121 At [40], the Authority considered the question of risks to returnees on some roads in Afghanistan but said that did not indicate that in a major urban area like Mazar-e-Sharif the respondent would face a real chance of being seriously harmed as a returnee from the West, or because he is a failed (Hazara Shia) asylum seeker. The Authority found that there was not a real chance that the respondent would be imputed with another profile (such as a connection to the government or international bodies) or that he would be seen as westernised or be imputed to hold any political opinion supportive of the government, that would result in him facing a real chance of being seriously harmed in an urban area such as Mazar-e-Sharif.

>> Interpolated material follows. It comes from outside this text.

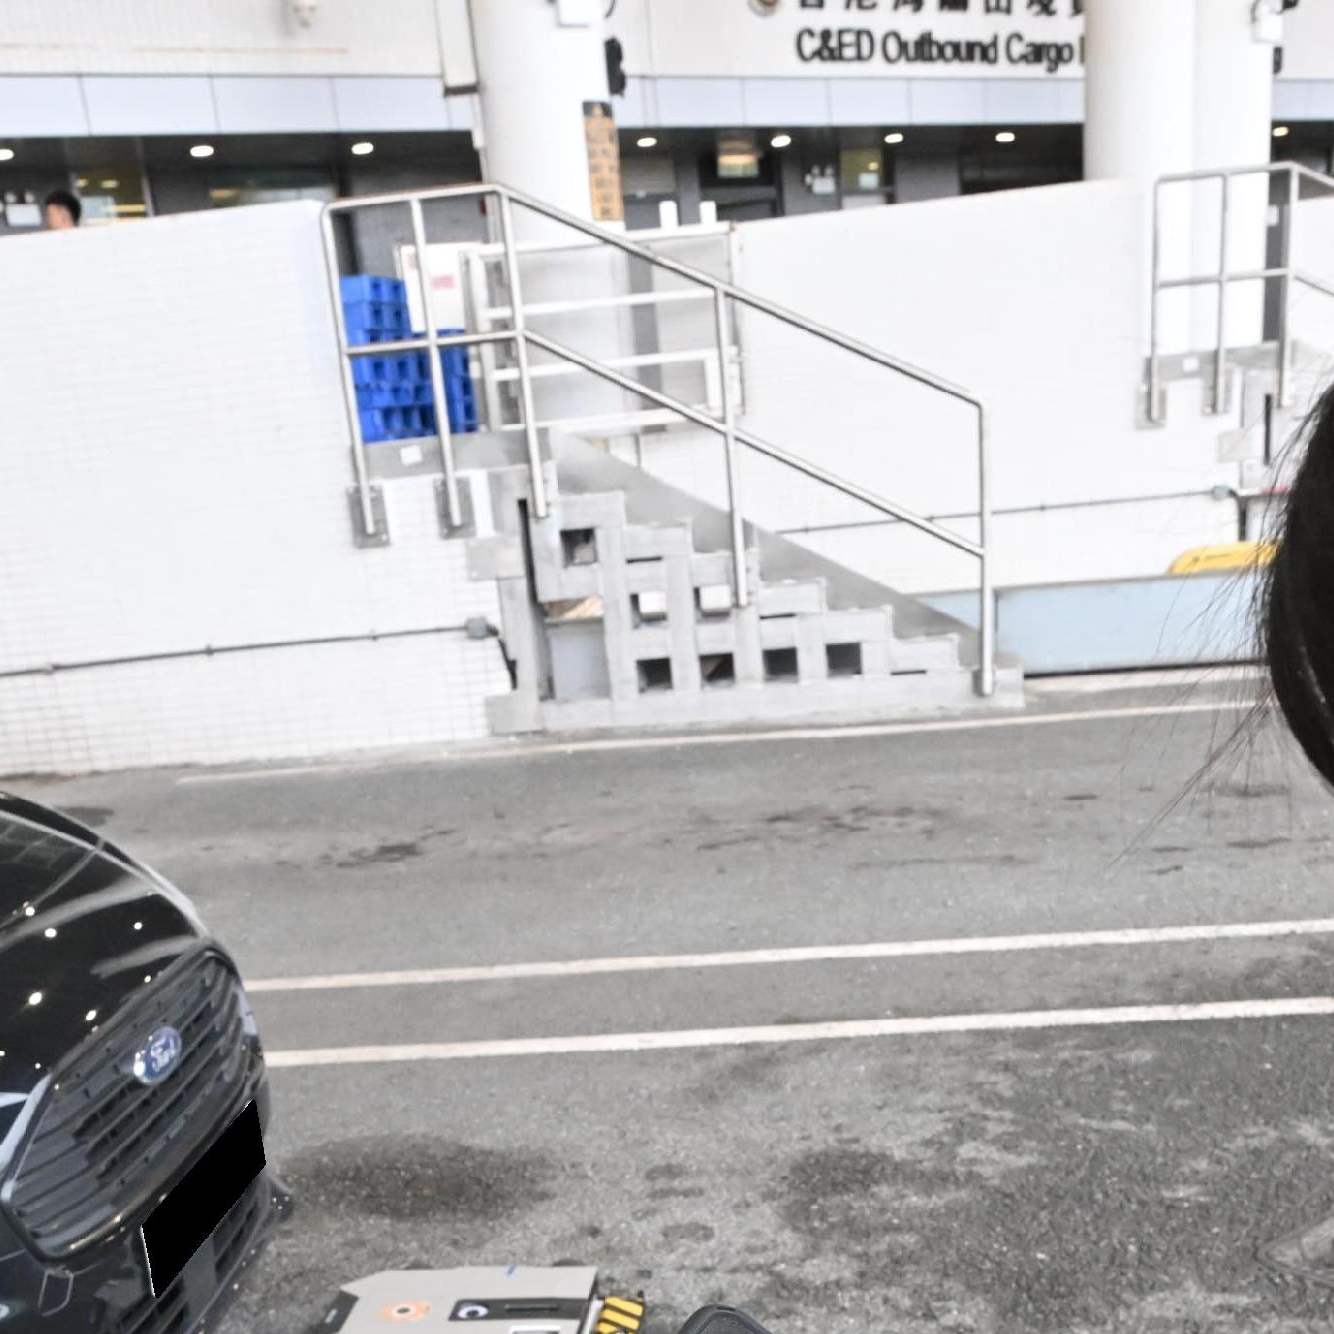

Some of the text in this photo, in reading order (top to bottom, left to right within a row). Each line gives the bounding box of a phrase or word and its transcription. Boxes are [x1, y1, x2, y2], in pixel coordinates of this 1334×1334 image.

[796, 27, 875, 62] C&ED
[881, 30, 999, 64] Outbound
[1005, 32, 1075, 73] Cargo

He did not share the risk profile of people or groups who may be at a real risk or a real chance of harm from Anti-Government Elements such as the Taliban in Mazar-e-Sharif and other urban areas and the Authority did not accept such a profile would be imputed to him.

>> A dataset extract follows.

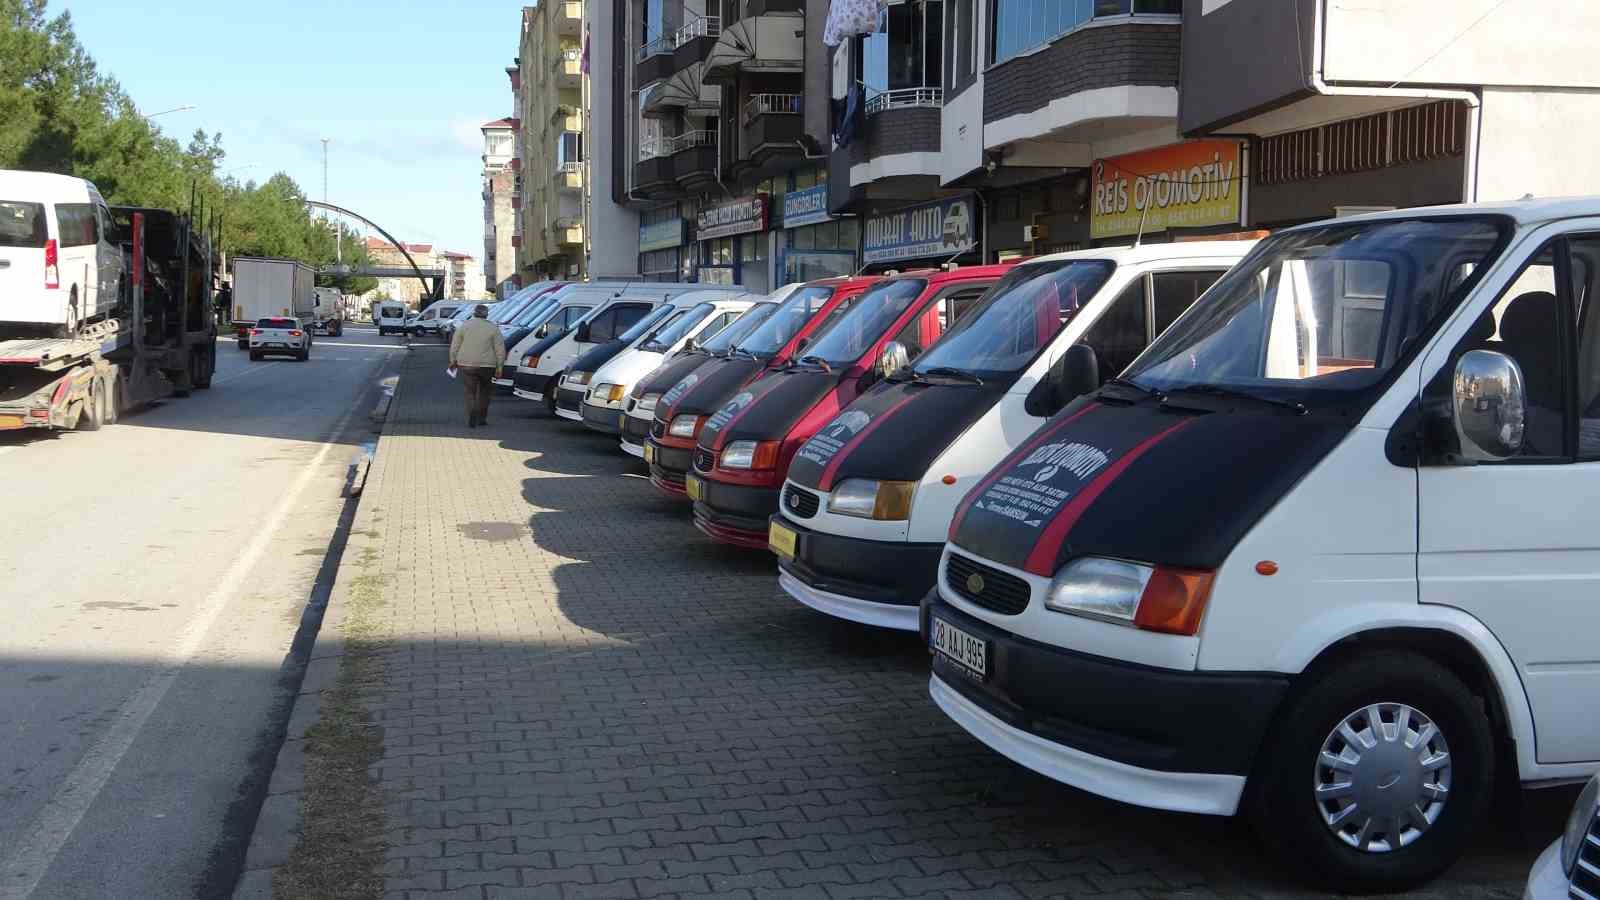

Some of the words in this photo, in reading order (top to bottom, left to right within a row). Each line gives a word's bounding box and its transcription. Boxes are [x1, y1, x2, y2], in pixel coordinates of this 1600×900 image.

122 At [41], the Authority summarised its findings in relation to s 5J(1)(c).
123 In relation to s 36(2A), the Authority found there was a real chance that the respondent would be seriously harmed if he returned to and lived in his home area of Qarabagh. The Authority said for the same reasons it was also satisfied that there were substantial grounds for believing that, as a necessary and foreseeable consequence of the respondent’s removal to Afghanistan, he will face a real risk of significant harm if he returns to and lives in his home area of Qarabagh.
124 The Authority then turned to the s 36(2B) question.
125 At [48], the Authority found that the respondent would not face a real risk of significant harm in Mazar-e-Sharif for reasons relating to his religion, ethnicity, actual or imputed political opinion, membership of the particular social groups of returnees from the West (westernised) or failed (Hazara Shia) asylum seekers, or for any other profile arising from those characteristics.
126 At [49], the Authority considered the question of generalised violence. It found that the risk of the respondent being harmed in generalised violence as a civilian was remote, and therefore there was not a real risk of the respondent facing significant harm on that basis within Mazar-e-Sharif.
127 As we have set out at [39] above, the Authority then, at [50], considered whether it would be reasonable for the respondent to relocate from Qarabagh to an area of the country such as Mazar-e-Sharif where there would not be a real risk that he will suffer significant harm. This is the statutory question.
128 The Authority then referred, at [51], to the questions asked by the delegate of the respondent about relocation to Kabul (but not Mazar-e-Sharif). The delegate discussed with the respondent the better opportunities for employment and access to services, as well as security. The respondent responded that every moment that Hazaras live in Afghanistan they feel they are under threat. He stated that Hazaras felt at risk and were living under a high level of pressure.
129 The Authority then referred to its 27 October 2016 letter. It noted that no further comment or submission was received at the date of the decision.
130 As we have set out at [42] above, at [54], the Authority accepted that relocating to Mazar-e-Sharif would be challenging, however there were a range of considerations that indicated the respondent could successfully relocate to the city and that it would be reasonable for him to relocate to that area.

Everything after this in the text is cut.